→ Work request
Only the text belongs in the copy: retype each record exactly as it appears.

→ Data
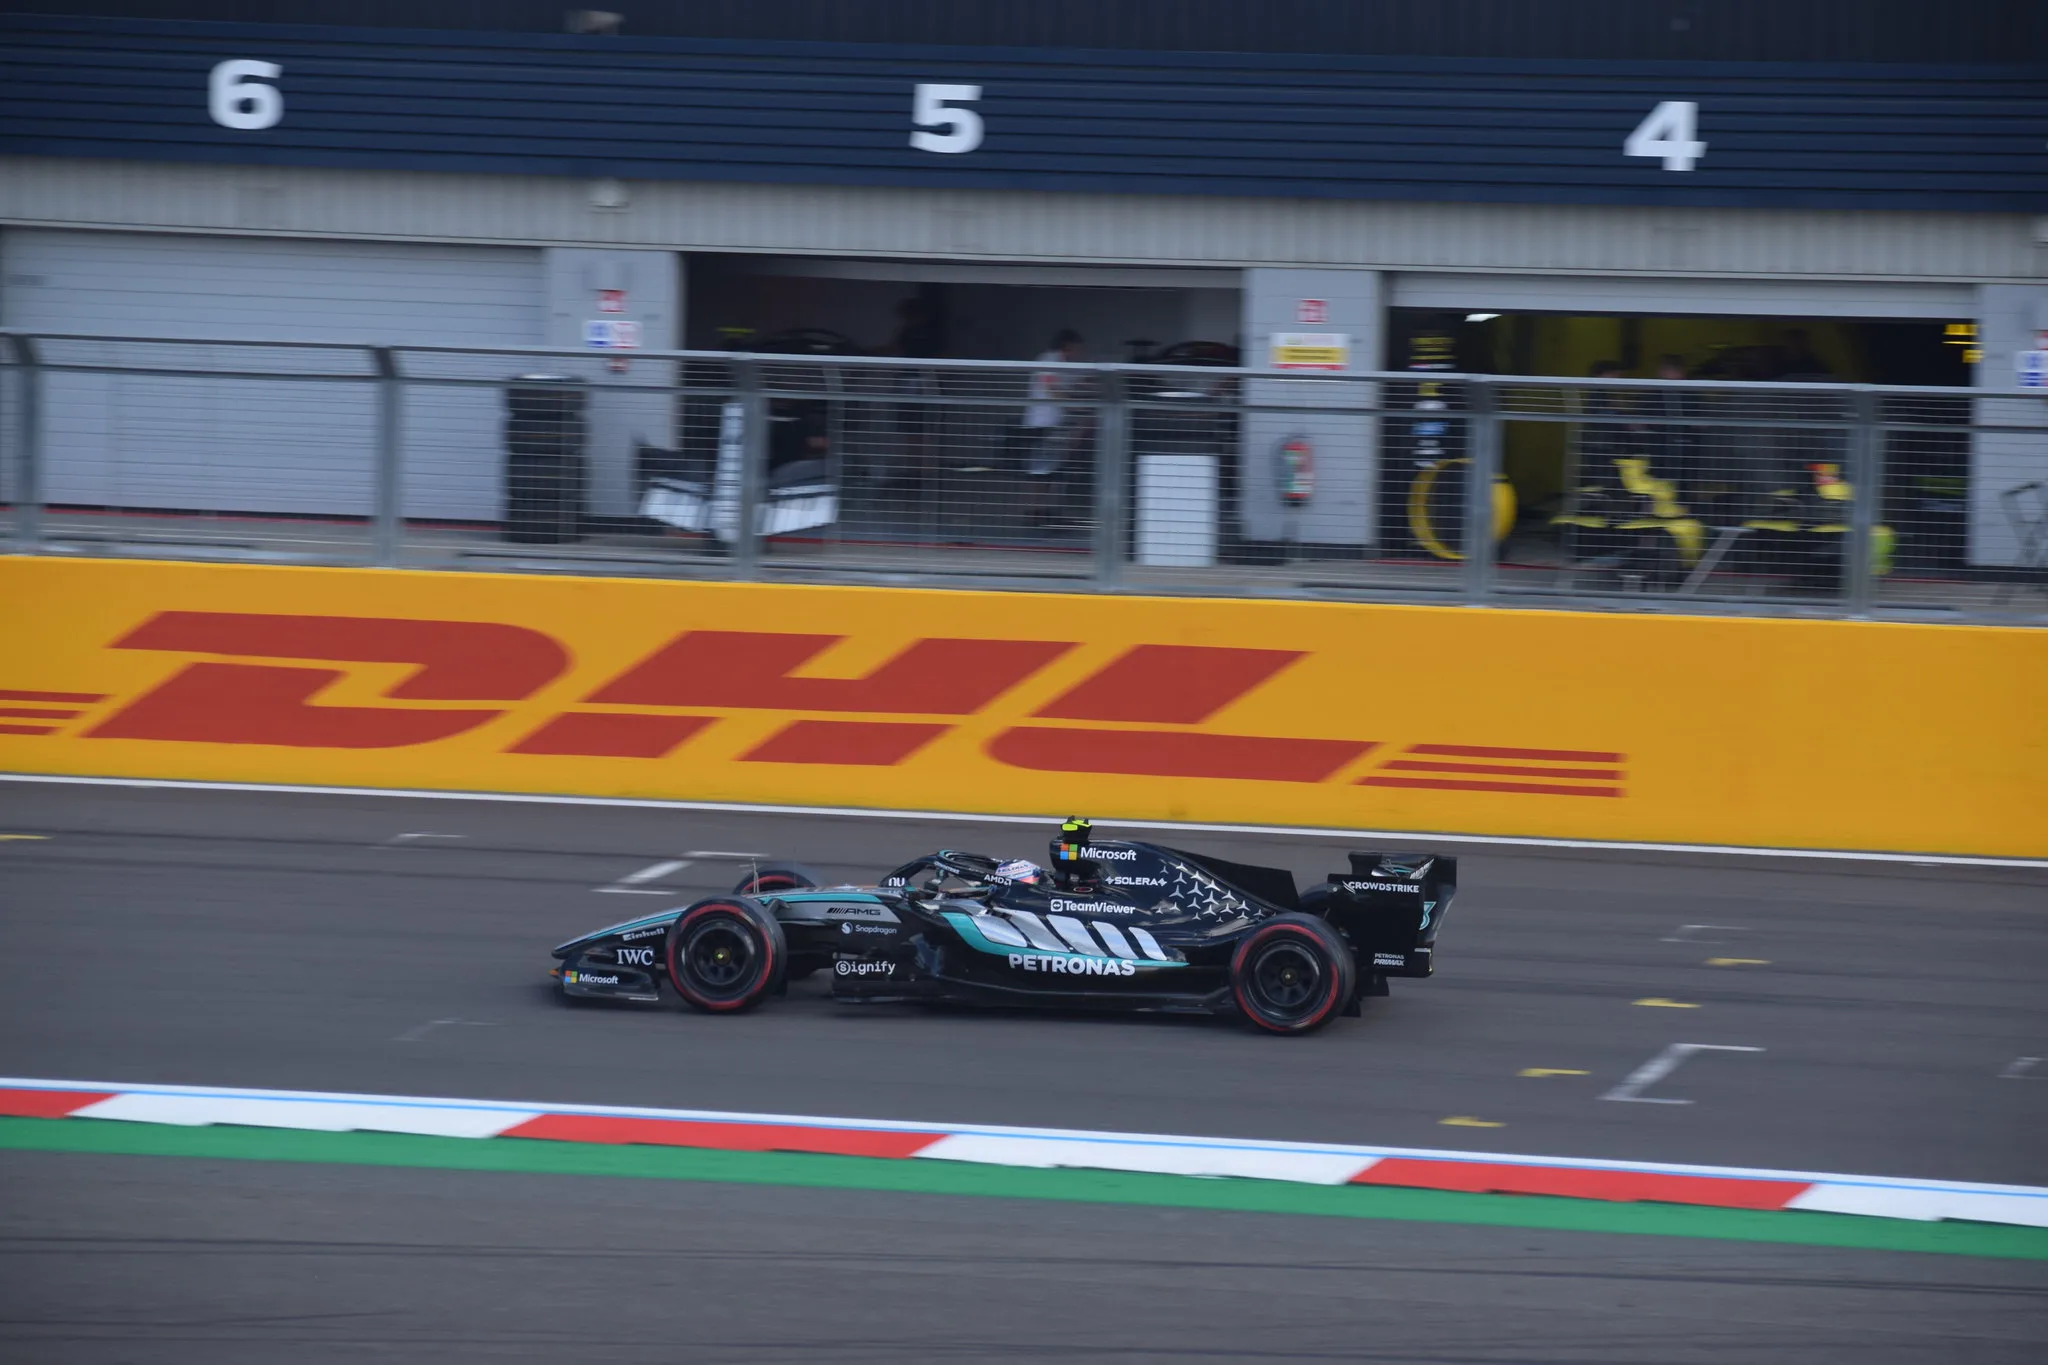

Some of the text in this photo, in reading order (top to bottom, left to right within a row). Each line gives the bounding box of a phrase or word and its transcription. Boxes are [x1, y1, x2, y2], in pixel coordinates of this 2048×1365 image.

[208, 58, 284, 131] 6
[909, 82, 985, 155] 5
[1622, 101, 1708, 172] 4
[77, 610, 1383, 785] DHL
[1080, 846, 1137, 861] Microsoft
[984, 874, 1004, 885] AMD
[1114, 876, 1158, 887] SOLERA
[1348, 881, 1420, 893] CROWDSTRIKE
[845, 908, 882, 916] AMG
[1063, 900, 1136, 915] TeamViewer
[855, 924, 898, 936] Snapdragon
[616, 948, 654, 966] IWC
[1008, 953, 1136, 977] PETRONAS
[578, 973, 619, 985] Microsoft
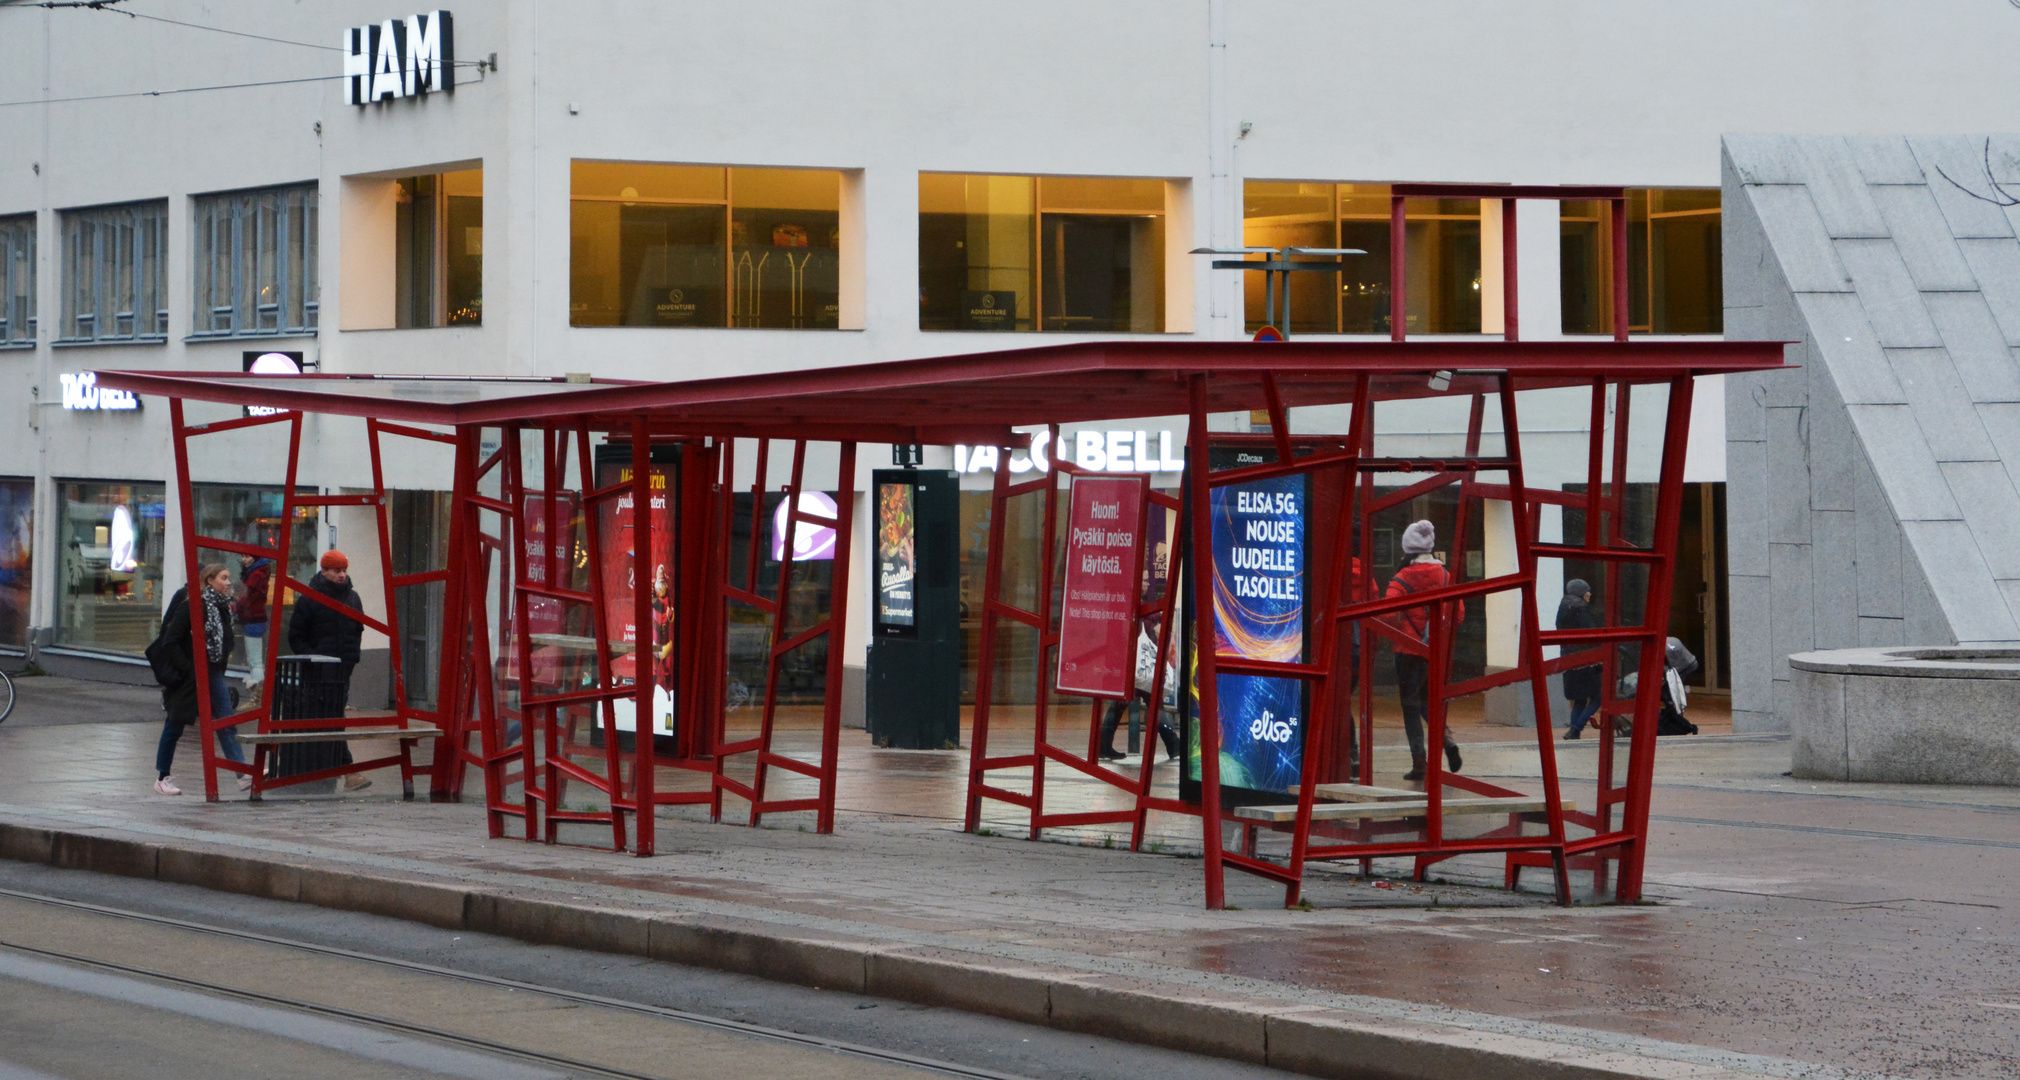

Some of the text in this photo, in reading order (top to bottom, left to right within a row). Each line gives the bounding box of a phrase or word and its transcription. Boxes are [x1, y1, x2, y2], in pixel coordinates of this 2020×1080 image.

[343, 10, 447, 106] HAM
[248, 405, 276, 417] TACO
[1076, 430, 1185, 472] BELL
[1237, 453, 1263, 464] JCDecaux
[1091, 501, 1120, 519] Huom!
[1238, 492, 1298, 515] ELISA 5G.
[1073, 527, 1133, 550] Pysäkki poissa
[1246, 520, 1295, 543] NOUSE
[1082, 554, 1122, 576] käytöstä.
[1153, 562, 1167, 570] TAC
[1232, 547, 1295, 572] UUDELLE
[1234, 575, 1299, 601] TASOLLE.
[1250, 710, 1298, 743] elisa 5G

→ Final answer
Some of the text in this photo, in reading order (top to bottom, left to right within a row). Each line gives the bounding box of a phrase or word and its transcription. Boxes are [x1, y1, x2, y2], in pixel coordinates of this 2048×1365 image.

[208, 58, 284, 131] 6
[909, 82, 985, 155] 5
[1622, 101, 1708, 172] 4
[77, 610, 1383, 785] DHL
[1080, 846, 1137, 861] Microsoft
[984, 874, 1004, 885] AMD
[1114, 876, 1158, 887] SOLERA
[1348, 881, 1420, 893] CROWDSTRIKE
[845, 908, 882, 916] AMG
[1063, 900, 1136, 915] TeamViewer
[855, 924, 898, 936] Snapdragon
[616, 948, 654, 966] IWC
[1008, 953, 1136, 977] PETRONAS
[578, 973, 619, 985] Microsoft

Some of the text in this photo, in reading order (top to bottom, left to right within a row). Each line gives the bounding box of a phrase or word and its transcription. Boxes are [x1, y1, x2, y2], in pixel coordinates of this 2020×1080 image.

[343, 10, 447, 106] HAM
[248, 405, 276, 417] TACO
[1076, 430, 1185, 472] BELL
[1237, 453, 1263, 464] JCDecaux
[1091, 501, 1120, 519] Huom!
[1238, 492, 1298, 515] ELISA 5G.
[1073, 527, 1133, 550] Pysäkki poissa
[1246, 520, 1295, 543] NOUSE
[1082, 554, 1122, 576] käytöstä.
[1153, 562, 1167, 570] TAC
[1232, 547, 1295, 572] UUDELLE
[1234, 575, 1299, 601] TASOLLE.
[1250, 710, 1298, 743] elisa 5G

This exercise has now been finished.